## DATA PROVIDED:
----------
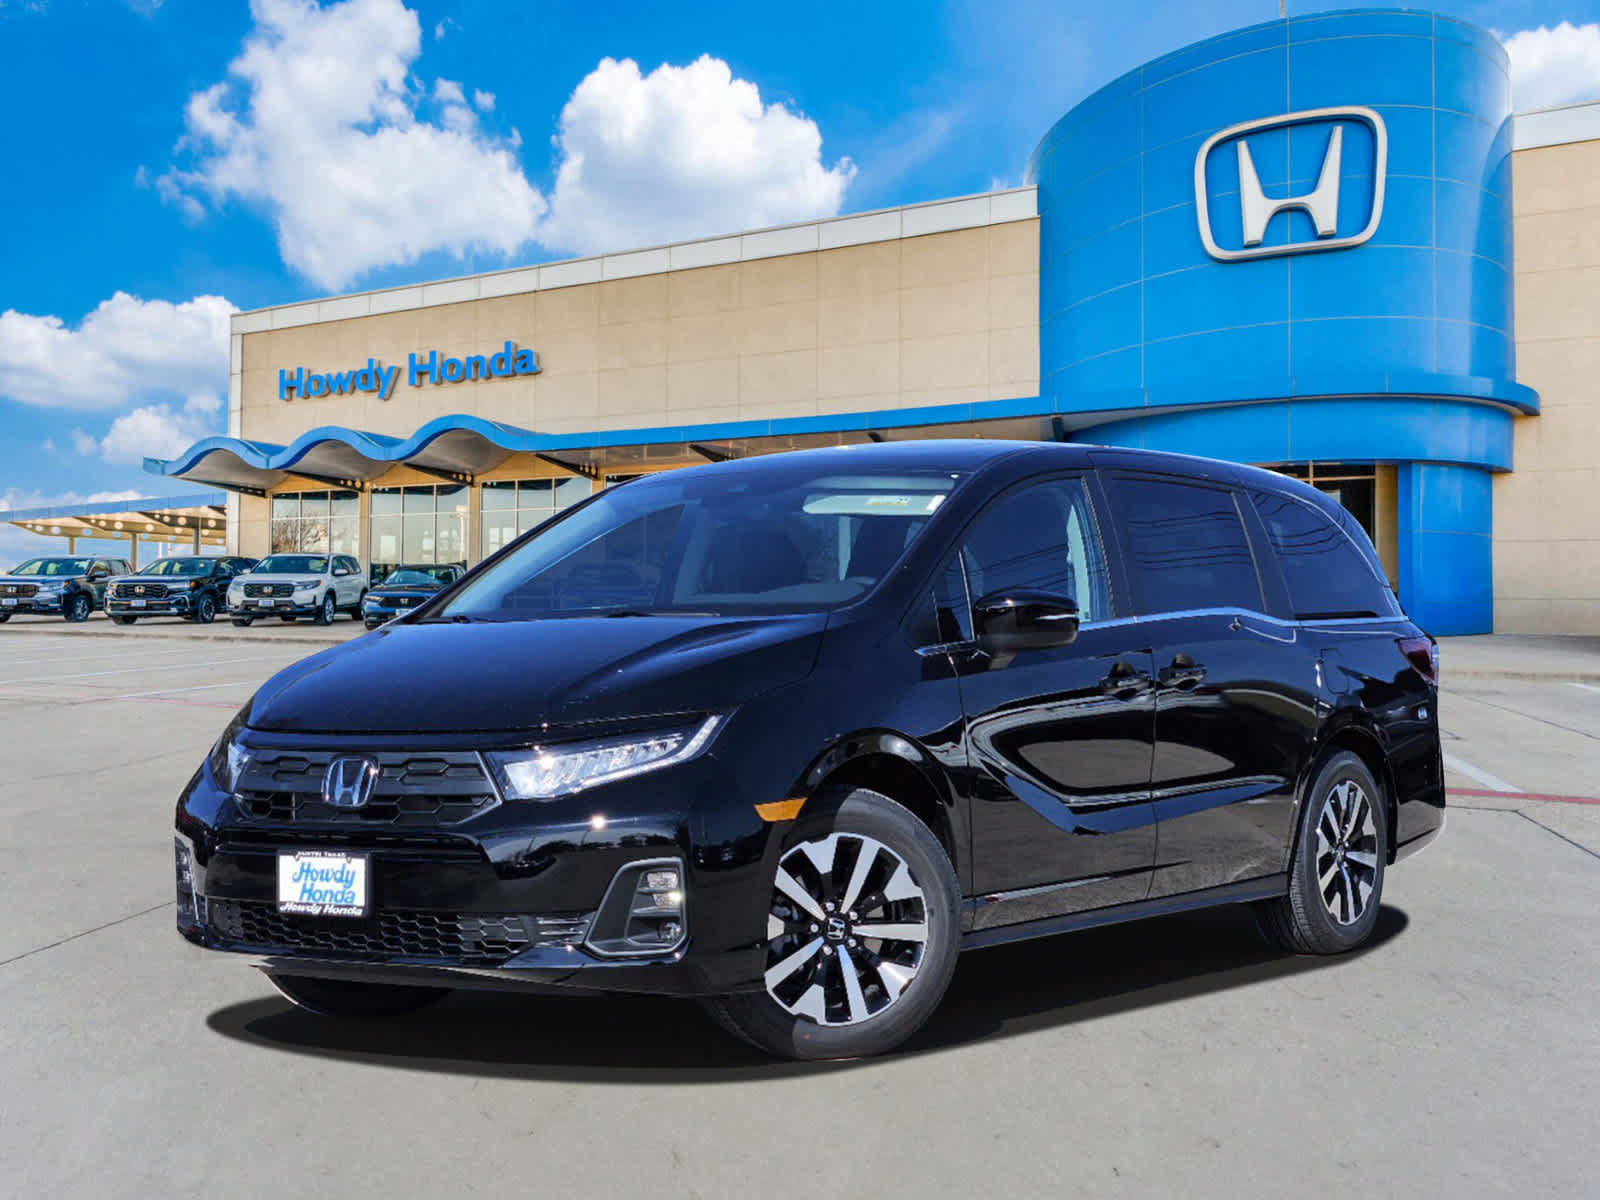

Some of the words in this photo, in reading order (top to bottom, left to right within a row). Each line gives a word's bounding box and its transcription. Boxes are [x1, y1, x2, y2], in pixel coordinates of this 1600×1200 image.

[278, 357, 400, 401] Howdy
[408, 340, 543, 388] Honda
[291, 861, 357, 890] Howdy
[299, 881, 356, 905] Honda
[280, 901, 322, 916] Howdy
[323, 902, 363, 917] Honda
----------
Print each of the records above exactly as written, leaving no picture in the copy.

Some of the words in this photo, in reading order (top to bottom, left to right within a row). Each line gives a word's bounding box and its transcription. Boxes are [x1, y1, x2, y2], in pixel coordinates of this 1600×1200 image.

[278, 357, 400, 401] Howdy
[408, 340, 543, 388] Honda
[291, 861, 357, 890] Howdy
[299, 881, 356, 905] Honda
[280, 901, 322, 916] Howdy
[323, 902, 363, 917] Honda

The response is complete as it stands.